_TASK REQUIREMENTS_: Print every entry below again exactly as written, skipping the pictures.

_INPUT DATA_:
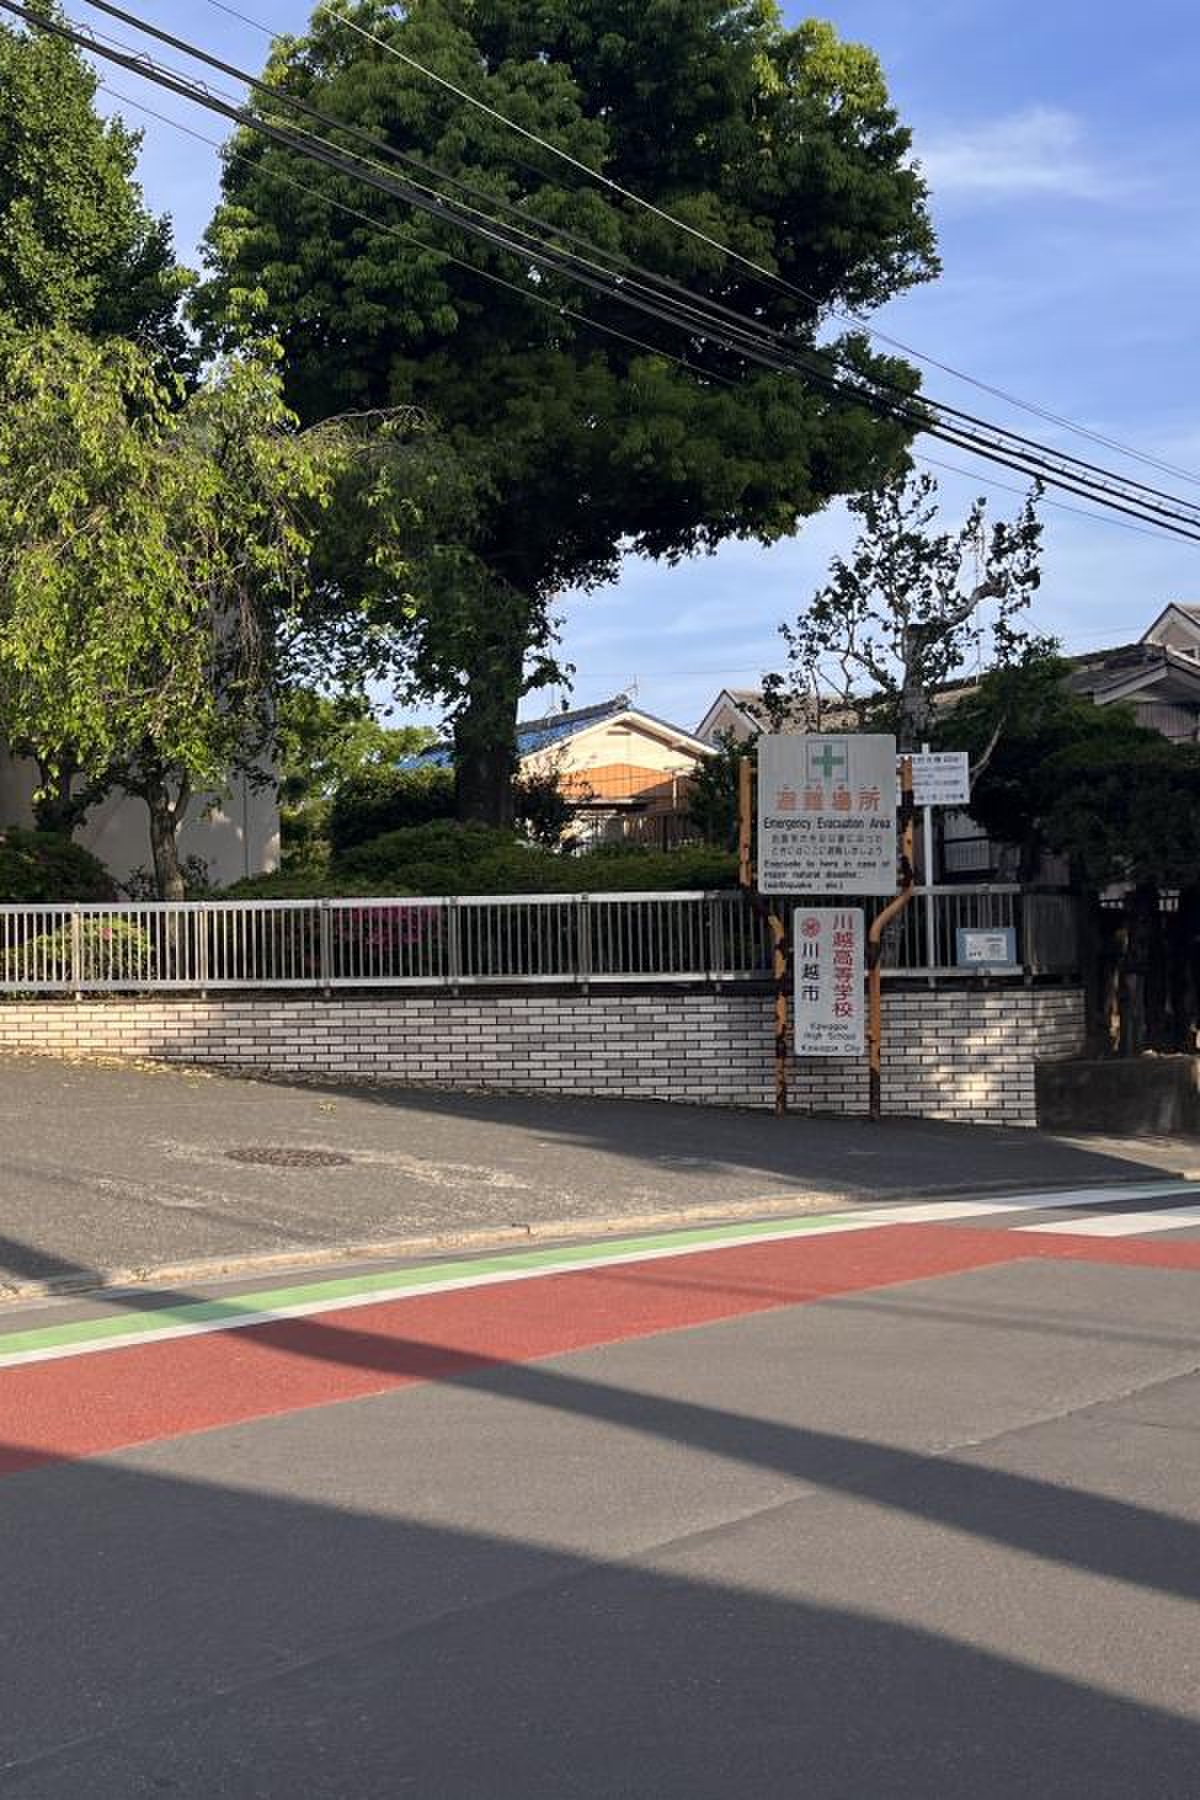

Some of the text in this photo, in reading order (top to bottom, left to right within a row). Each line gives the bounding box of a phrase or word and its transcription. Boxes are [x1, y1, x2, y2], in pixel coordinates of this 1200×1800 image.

[775, 784, 881, 811] 避難場所
[763, 817, 891, 831] Emergency Evacuation Area
[801, 943, 820, 1002] 川越市
[832, 914, 854, 1018] 川越高等学校
[809, 1023, 848, 1032] Kawagoe
[803, 1032, 857, 1041] High School
[845, 1043, 862, 1054] City

_RESULT OF THIS EXERCISE_:
Some of the text in this photo, in reading order (top to bottom, left to right within a row). Each line gives the bounding box of a phrase or word and its transcription. Boxes are [x1, y1, x2, y2], in pixel coordinates of this 1200×1800 image.

[775, 784, 881, 811] 避難場所
[763, 817, 891, 831] Emergency Evacuation Area
[801, 943, 820, 1002] 川越市
[832, 914, 854, 1018] 川越高等学校
[809, 1023, 848, 1032] Kawagoe
[803, 1032, 857, 1041] High School
[845, 1043, 862, 1054] City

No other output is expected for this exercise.